Output the material exactly, with every line intact.

:: DATA RECORDS ::

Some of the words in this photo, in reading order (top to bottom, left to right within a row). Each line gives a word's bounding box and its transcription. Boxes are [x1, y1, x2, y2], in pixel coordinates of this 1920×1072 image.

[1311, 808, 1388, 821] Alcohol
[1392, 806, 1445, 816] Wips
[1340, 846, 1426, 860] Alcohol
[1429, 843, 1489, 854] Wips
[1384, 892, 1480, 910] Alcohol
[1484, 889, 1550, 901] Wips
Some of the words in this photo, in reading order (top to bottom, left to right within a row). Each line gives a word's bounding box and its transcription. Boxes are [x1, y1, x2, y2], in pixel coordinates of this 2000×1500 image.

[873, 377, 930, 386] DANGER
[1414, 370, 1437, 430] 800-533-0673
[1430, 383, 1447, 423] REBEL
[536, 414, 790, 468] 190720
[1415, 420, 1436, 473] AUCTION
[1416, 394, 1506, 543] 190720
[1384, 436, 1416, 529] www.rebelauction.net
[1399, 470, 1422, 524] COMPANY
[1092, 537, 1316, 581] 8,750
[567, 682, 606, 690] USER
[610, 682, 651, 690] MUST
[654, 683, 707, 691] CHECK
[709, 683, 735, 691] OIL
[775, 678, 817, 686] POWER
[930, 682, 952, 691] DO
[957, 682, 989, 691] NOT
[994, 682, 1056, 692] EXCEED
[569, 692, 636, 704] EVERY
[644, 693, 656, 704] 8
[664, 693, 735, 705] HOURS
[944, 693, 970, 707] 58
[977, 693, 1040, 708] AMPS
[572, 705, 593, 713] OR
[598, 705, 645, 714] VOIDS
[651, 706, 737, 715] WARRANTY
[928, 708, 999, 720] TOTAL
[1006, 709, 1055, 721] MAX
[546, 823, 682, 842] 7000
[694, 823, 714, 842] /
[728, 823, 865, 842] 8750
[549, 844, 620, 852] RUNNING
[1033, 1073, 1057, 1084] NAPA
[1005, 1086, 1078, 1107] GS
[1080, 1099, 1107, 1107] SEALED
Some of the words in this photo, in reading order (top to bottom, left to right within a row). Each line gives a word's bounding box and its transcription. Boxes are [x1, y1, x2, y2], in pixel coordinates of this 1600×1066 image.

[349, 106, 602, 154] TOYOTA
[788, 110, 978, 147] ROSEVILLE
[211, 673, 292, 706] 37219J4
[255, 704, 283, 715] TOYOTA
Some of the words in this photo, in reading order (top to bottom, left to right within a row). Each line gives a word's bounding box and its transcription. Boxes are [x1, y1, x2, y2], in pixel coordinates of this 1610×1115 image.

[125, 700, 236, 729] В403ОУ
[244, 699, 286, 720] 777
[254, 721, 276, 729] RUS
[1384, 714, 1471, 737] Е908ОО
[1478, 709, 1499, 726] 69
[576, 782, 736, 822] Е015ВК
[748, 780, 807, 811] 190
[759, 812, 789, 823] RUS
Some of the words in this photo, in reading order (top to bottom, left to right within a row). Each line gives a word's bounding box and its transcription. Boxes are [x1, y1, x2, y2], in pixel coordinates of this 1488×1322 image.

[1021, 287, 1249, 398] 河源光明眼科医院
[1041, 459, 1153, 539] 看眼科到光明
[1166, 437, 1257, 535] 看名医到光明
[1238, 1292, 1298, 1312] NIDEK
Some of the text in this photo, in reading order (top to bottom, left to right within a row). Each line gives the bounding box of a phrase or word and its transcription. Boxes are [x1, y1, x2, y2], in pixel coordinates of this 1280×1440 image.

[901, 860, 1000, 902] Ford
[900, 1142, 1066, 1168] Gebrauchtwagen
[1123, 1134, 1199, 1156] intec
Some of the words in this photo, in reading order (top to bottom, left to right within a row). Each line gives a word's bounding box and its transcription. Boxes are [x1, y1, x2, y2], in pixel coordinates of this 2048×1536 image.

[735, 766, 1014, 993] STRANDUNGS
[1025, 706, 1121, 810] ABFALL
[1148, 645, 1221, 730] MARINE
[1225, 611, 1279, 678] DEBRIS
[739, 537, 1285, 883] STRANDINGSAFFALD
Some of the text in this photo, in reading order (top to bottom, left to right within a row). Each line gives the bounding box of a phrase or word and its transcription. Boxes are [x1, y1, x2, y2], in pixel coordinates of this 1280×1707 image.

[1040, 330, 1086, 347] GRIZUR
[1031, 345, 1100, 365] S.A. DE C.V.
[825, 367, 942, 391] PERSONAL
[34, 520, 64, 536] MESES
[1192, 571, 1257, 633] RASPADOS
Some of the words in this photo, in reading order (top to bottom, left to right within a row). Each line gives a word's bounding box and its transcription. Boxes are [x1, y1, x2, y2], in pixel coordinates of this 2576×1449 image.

:::

■ ANSWER FOR THIS EXERCISE ■
Some of the words in this photo, in reading order (top to bottom, left to right within a row). Each line gives a word's bounding box and its transcription. Boxes are [x1, y1, x2, y2], in pixel coordinates of this 1920×1072 image.

[1311, 808, 1388, 821] Alcohol
[1392, 806, 1445, 816] Wips
[1340, 846, 1426, 860] Alcohol
[1429, 843, 1489, 854] Wips
[1384, 892, 1480, 910] Alcohol
[1484, 889, 1550, 901] Wips
Some of the words in this photo, in reading order (top to bottom, left to right within a row). Each line gives a word's bounding box and its transcription. Boxes are [x1, y1, x2, y2], in pixel coordinates of this 2000×1500 image.

[873, 377, 930, 386] DANGER
[1414, 370, 1437, 430] 800-533-0673
[1430, 383, 1447, 423] REBEL
[536, 414, 790, 468] 190720
[1415, 420, 1436, 473] AUCTION
[1416, 394, 1506, 543] 190720
[1384, 436, 1416, 529] www.rebelauction.net
[1399, 470, 1422, 524] COMPANY
[1092, 537, 1316, 581] 8,750
[567, 682, 606, 690] USER
[610, 682, 651, 690] MUST
[654, 683, 707, 691] CHECK
[709, 683, 735, 691] OIL
[775, 678, 817, 686] POWER
[930, 682, 952, 691] DO
[957, 682, 989, 691] NOT
[994, 682, 1056, 692] EXCEED
[569, 692, 636, 704] EVERY
[644, 693, 656, 704] 8
[664, 693, 735, 705] HOURS
[944, 693, 970, 707] 58
[977, 693, 1040, 708] AMPS
[572, 705, 593, 713] OR
[598, 705, 645, 714] VOIDS
[651, 706, 737, 715] WARRANTY
[928, 708, 999, 720] TOTAL
[1006, 709, 1055, 721] MAX
[546, 823, 682, 842] 7000
[694, 823, 714, 842] /
[728, 823, 865, 842] 8750
[549, 844, 620, 852] RUNNING
[1033, 1073, 1057, 1084] NAPA
[1005, 1086, 1078, 1107] GS
[1080, 1099, 1107, 1107] SEALED
Some of the words in this photo, in reading order (top to bottom, left to right within a row). Each line gives a word's bounding box and its transcription. Boxes are [x1, y1, x2, y2], in pixel coordinates of this 1600×1066 image.

[349, 106, 602, 154] TOYOTA
[788, 110, 978, 147] ROSEVILLE
[211, 673, 292, 706] 37219J4
[255, 704, 283, 715] TOYOTA
Some of the words in this photo, in reading order (top to bottom, left to right within a row). Each line gives a word's bounding box and its transcription. Boxes are [x1, y1, x2, y2], in pixel coordinates of this 1610×1115 image.

[125, 700, 236, 729] В403ОУ
[244, 699, 286, 720] 777
[254, 721, 276, 729] RUS
[1384, 714, 1471, 737] Е908ОО
[1478, 709, 1499, 726] 69
[576, 782, 736, 822] Е015ВК
[748, 780, 807, 811] 190
[759, 812, 789, 823] RUS
Some of the words in this photo, in reading order (top to bottom, left to right within a row). Each line gives a word's bounding box and its transcription. Boxes are [x1, y1, x2, y2], in pixel coordinates of this 1488×1322 image.

[1021, 287, 1249, 398] 河源光明眼科医院
[1041, 459, 1153, 539] 看眼科到光明
[1166, 437, 1257, 535] 看名医到光明
[1238, 1292, 1298, 1312] NIDEK
Some of the text in this photo, in reading order (top to bottom, left to right within a row). Each line gives the bounding box of a phrase or word and its transcription. Boxes are [x1, y1, x2, y2], in pixel coordinates of this 1280×1440 image.

[901, 860, 1000, 902] Ford
[900, 1142, 1066, 1168] Gebrauchtwagen
[1123, 1134, 1199, 1156] intec
Some of the words in this photo, in reading order (top to bottom, left to right within a row). Each line gives a word's bounding box and its transcription. Boxes are [x1, y1, x2, y2], in pixel coordinates of this 2048×1536 image.

[735, 766, 1014, 993] STRANDUNGS
[1025, 706, 1121, 810] ABFALL
[1148, 645, 1221, 730] MARINE
[1225, 611, 1279, 678] DEBRIS
[739, 537, 1285, 883] STRANDINGSAFFALD
Some of the text in this photo, in reading order (top to bottom, left to right within a row). Each line gives the bounding box of a phrase or word and its transcription. Boxes are [x1, y1, x2, y2], in pixel coordinates of this 1280×1707 image.

[1040, 330, 1086, 347] GRIZUR
[1031, 345, 1100, 365] S.A. DE C.V.
[825, 367, 942, 391] PERSONAL
[34, 520, 64, 536] MESES
[1192, 571, 1257, 633] RASPADOS
Some of the words in this photo, in reading order (top to bottom, left to right within a row). Each line gives a word's bounding box and its transcription. Boxes are [x1, y1, x2, y2], in pixel coordinates of this 2576×1449 image.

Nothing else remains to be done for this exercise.